Honestamente, não sei nem o que veêm nele. Essa era a pergunta que eu queria fazer a elas: "Por quê vocês correm tanto atrás desse homem que nem liga pra vocês, suas malucas?"
Okay, okay, ele é charmoso e tem dinheiro. MAS ele parece ser o tipo mais frio de homem para se ter ao lado. O tipo mais chato. Pelo menos para mim.
Não sei qual tipo de mulher gostaria de mantê-lo para si, especialmente depois das botas que ele lhes dá. Também não o imagino sendo romântico ou atencioso. Aliás, o pensamento em si é quase cômico.
De qualquer forma, quanto mais ele pisa e ignora, mais elas ligam para mim, mais elas enchem o meu saco fazendo perguntas e tentando me transformar em algum tipo de aliada para espiá-lo.
Tô fora.
— E o que você respondeu a ela? — Bauer pergunta, mãos nos bolsos.
— Eu disse que não sabia aonde você estava nem quando voltaria. Ela chorou e falou um monte de coisa que não consegui entender e desligou na minha cara. Foi muito agradável. — Relembro sarcásticamente.
O canto da boca de Bauer segura a risada que ele quer soltar ao ouvir isso. Ás vezes ele quer rir das coisas que falo e o pego se segurando. Me pergunto por quê.
— Deve ser divertido trabalhar pra mim. — Ele escora as costas na porta de sua sala, cruzando os braços.
Vou abrir um consultório exclusivo para suas ex-namoradas, Bauer. Vou ficar rica.
— Se quero ser psicóloga, essas ligações são um ótimo treino.
Bauer resfolga e inclina a cabeça.
— Não ofereça consultas de graça, Moralles. — Ele também me chama pelo sobrenome. Nossa pequena idiosincrasia. — Na próxima vez que ela ligar, sinta-se a vontade pra não atender. E se atender, pode desligar na cara. Não há nada entre nós e já deixei claro que não quero que me ligue. Especialmente aqui, no trabalho. Se ainda liga, o problema é dela. — Desligar na cara de todas elas?

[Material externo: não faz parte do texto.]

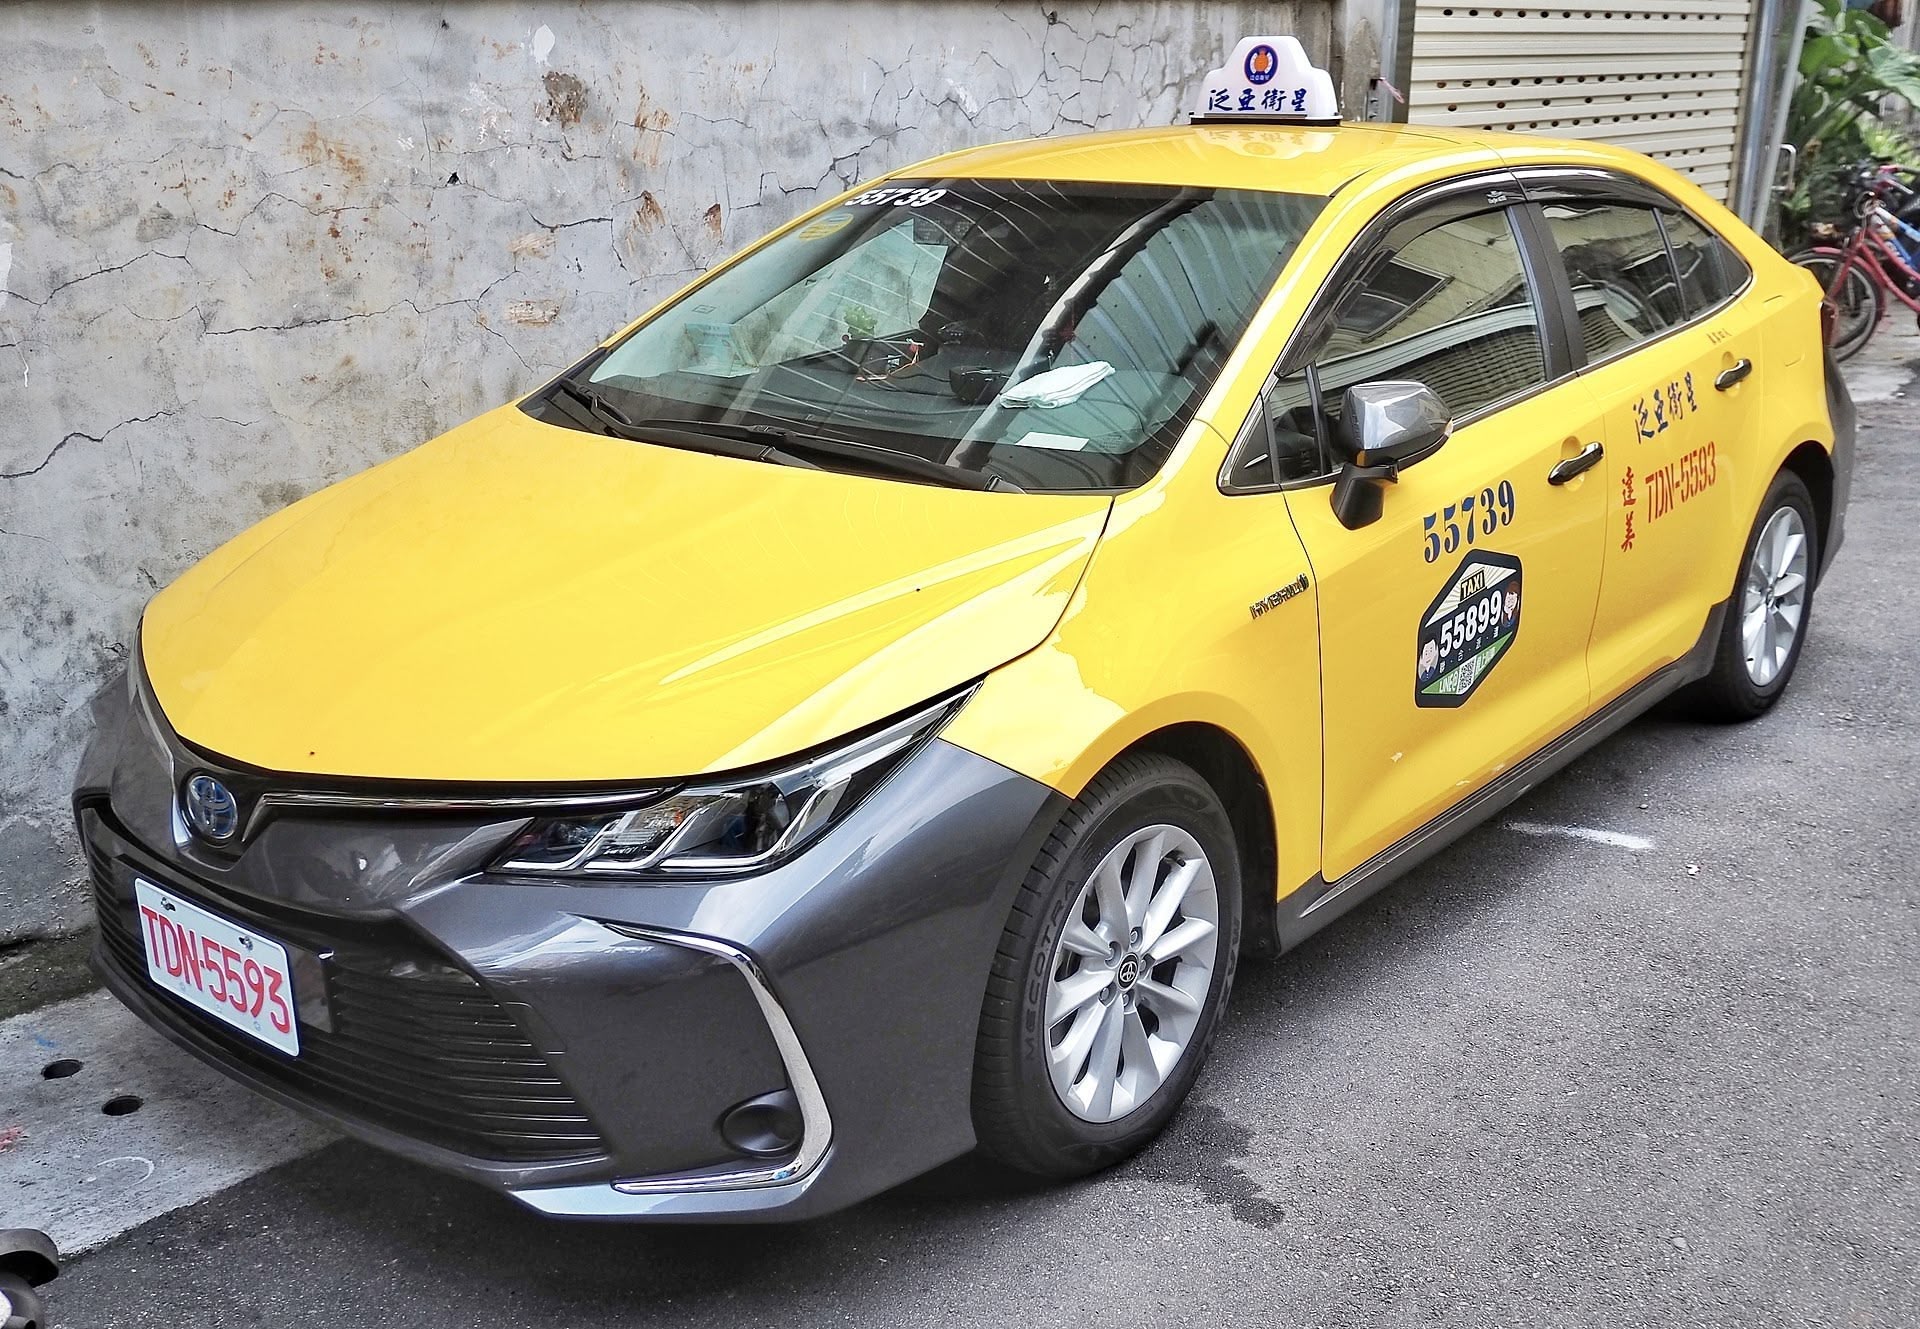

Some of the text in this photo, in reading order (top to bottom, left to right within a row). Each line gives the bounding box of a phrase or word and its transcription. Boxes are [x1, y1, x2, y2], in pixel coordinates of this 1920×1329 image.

[844, 188, 948, 208] 55739
[1423, 479, 1516, 563] 55739
[1644, 441, 1717, 524] TDN-5593
[1439, 590, 1503, 658] 55899
[1460, 570, 1485, 598] TAXI
[141, 905, 291, 1034] TDN-5593
[1022, 879, 1079, 1061] MECOTRA

Quase perguntei. — De qualquer uma delas. — Ele responde sem eu precisar perguntar. Ele faz isso ás vezes e me dá um negócio.
— Mas, Bauer... não posso fazer isso. — Não que eu não queira desligar na cara delas.
— Por quê não? — Bauer desfaz sua pose e entra em sua sala. — É exatamente o que faço.
Ele diz e fecha a porta.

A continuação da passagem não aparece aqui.